JuliaText / CorpusLoaders.jl

A variety of loaders for various NLP corpora.
Other
32 stars 13 forks source link

Adding IMDB, Twitter and Stanford Sentiment datasets #18

Closed ComputerMaestro closed 5 years ago

ComputerMaestro commented 5 years ago

I have add just the datadeps. I will be adding the files and once it is done I will let you know @oxinabox .

ComputerMaestro commented 5 years ago

I have made some changes. Please check for travis.yml

ComputerMaestro commented 5 years ago

Some more adjustments are needed , I will do them shortly.

ComputerMaestro commented 5 years ago

I will write test for IMDB and Twitter as soon as possible.
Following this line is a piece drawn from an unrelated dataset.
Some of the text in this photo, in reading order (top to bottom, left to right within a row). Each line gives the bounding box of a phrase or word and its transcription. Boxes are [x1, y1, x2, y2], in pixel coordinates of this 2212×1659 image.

For SST-2 I will make another PR.

ComputerMaestro commented 5 years ago

I have added the tests as well.

oxinabox commented 5 years ago

thanks Tests seem to be failing, could you take a look at that?

ComputerMaestro commented 5 years ago

Sure @oxinabox , I will look at it and will let you know when it is rectified.
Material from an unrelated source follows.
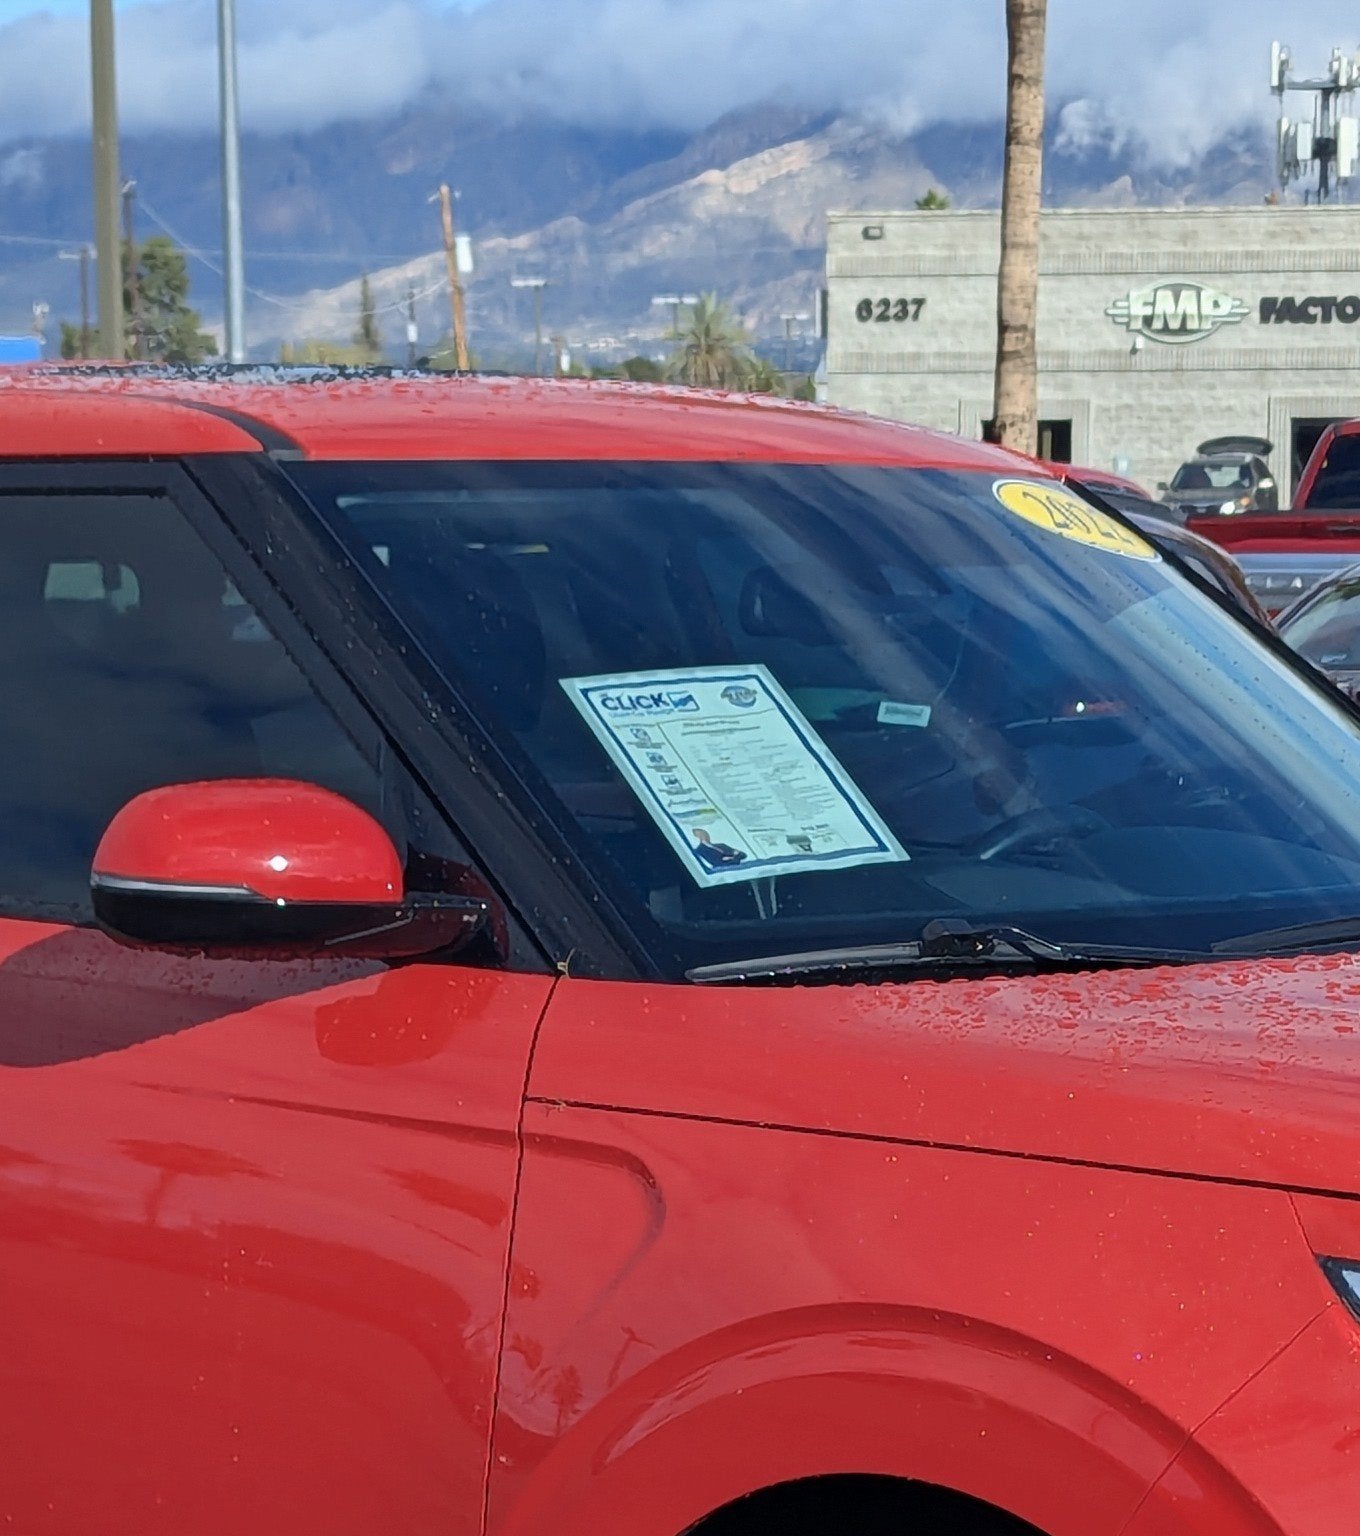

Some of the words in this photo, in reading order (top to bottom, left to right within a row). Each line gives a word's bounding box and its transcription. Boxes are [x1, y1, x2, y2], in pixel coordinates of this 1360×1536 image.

[855, 297, 926, 323] 6237
[1128, 288, 1234, 331] FMP
[601, 692, 670, 712] CLICK
ComputerMaestro commented 5 years ago

ERROR: LoadError: InitError: could not open file /home/travis/build/JuliaText/CorpusLoaders.jl/test/WikiCorpus_DataDeps.jl I am not able to getting the cause for this error in travis. The problem is that the WikiCorpus_DataDeps.jl file is inside src folder and is referred inside init funciton CorpusLoaders module and then CorpusLoaders is referred inside test folder and since this folder doesn't contain WikiCorpus_DataDeps.jl , so it cannot open it inside init function

oxinabox commented 5 years ago

@Ayushk4 how is https://github.com/JuliaText/WordTokenizers.jl/pull/13 going? it would be good to be using that here.
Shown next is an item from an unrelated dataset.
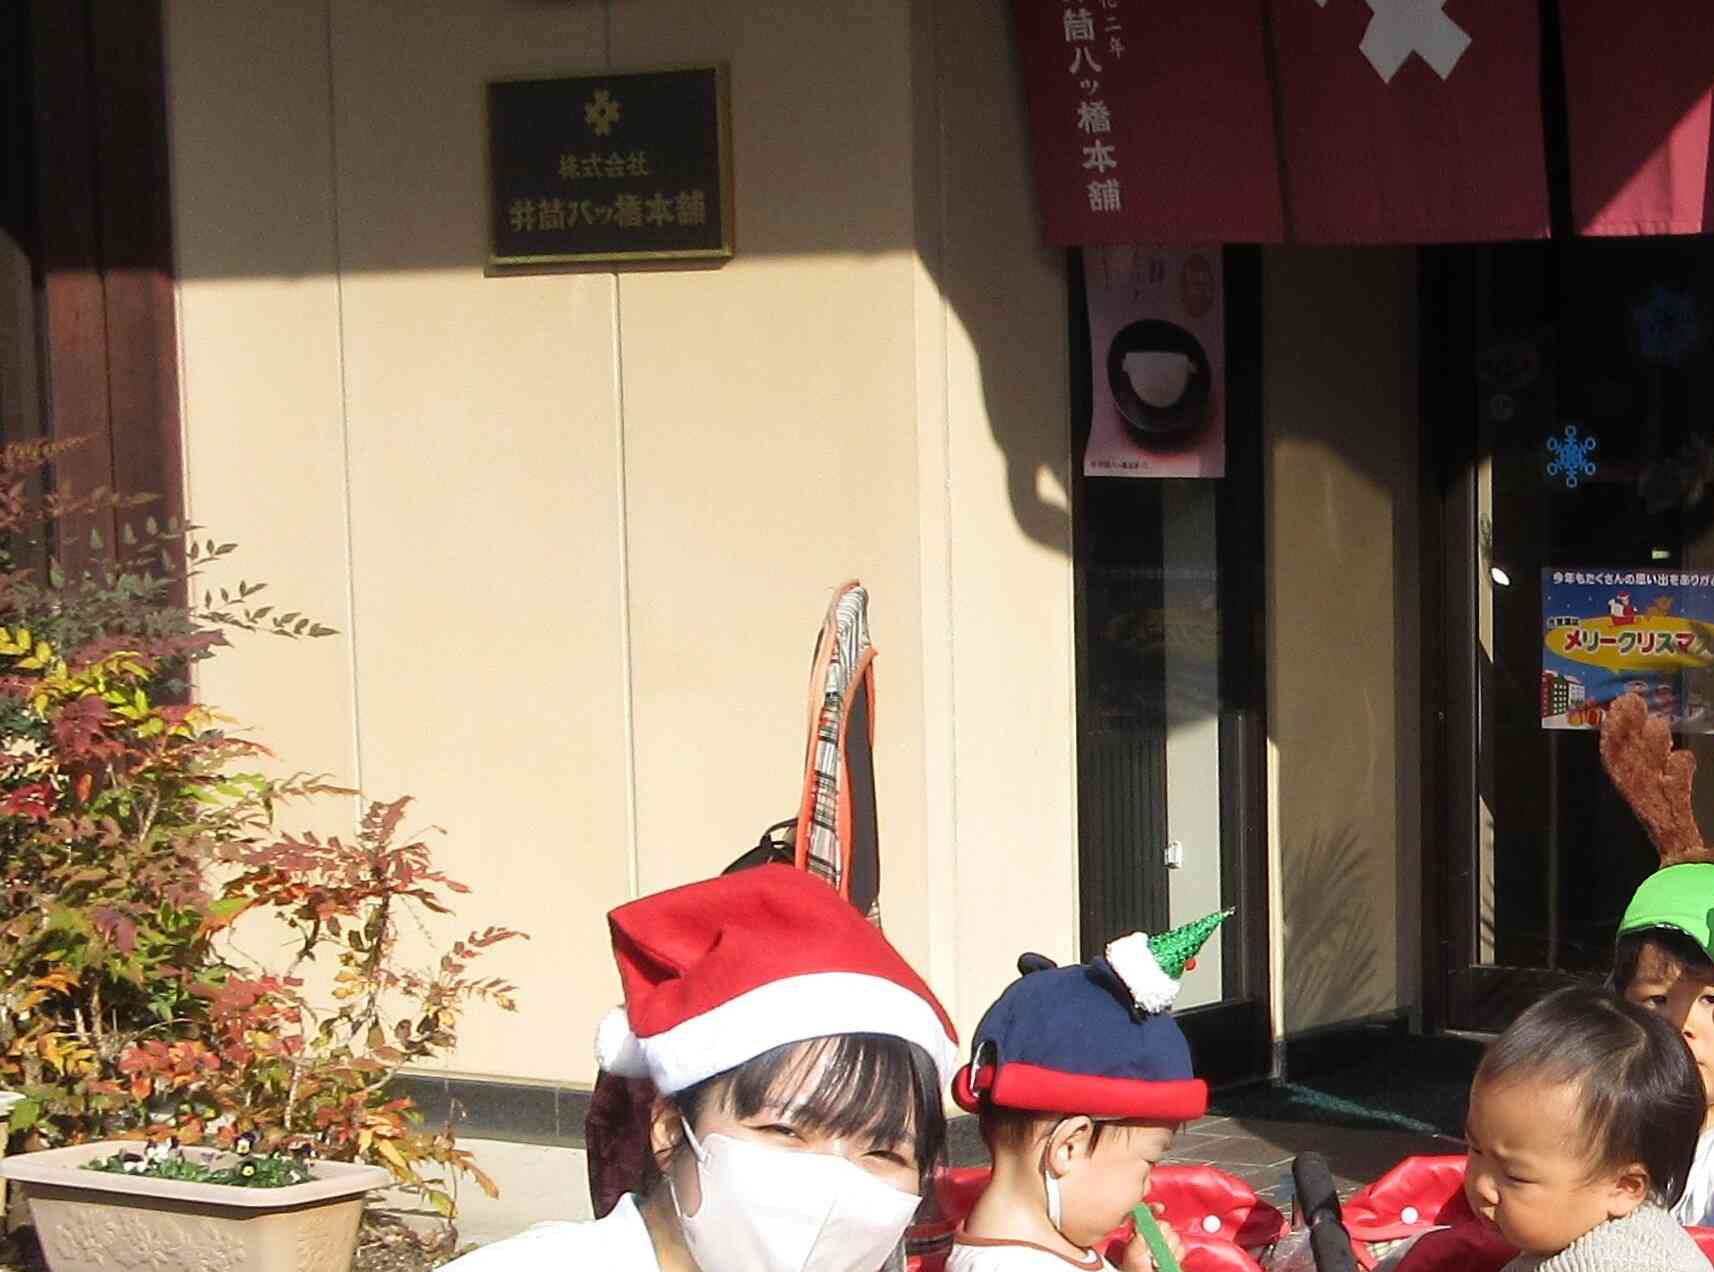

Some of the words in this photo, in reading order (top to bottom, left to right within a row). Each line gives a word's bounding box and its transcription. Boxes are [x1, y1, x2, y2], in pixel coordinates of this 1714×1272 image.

[558, 151, 650, 178] 株式会社
[1062, 0, 1121, 212] 筒八ッ橋本舗
oxinabox commented 5 years ago

I am pretty sure we do not need the DataFrames.jl dependency. Only the CSV one. CSV has a dependency on DataFrames, but we don't ever call any methods from the DataFrames namepace.

ComputerMaestro commented 5 years ago

I have removed DataFrames.jl.

ComputerMaestro commented 5 years ago

I tried making separate file for init but problem is still the same. Please check whether it is done correctly or not.

ComputerMaestro commented 5 years ago

I will try doing something else and let you know.

ComputerMaestro commented 5 years ago

There is some pre compiling problem with the CSV module as well.

ComputerMaestro commented 5 years ago

Sorry for the silly question but can you tell me how to set DATADEPS_ALWAYS_ACCEPT to accept without prompt. Is it by directly setting this to true or something else.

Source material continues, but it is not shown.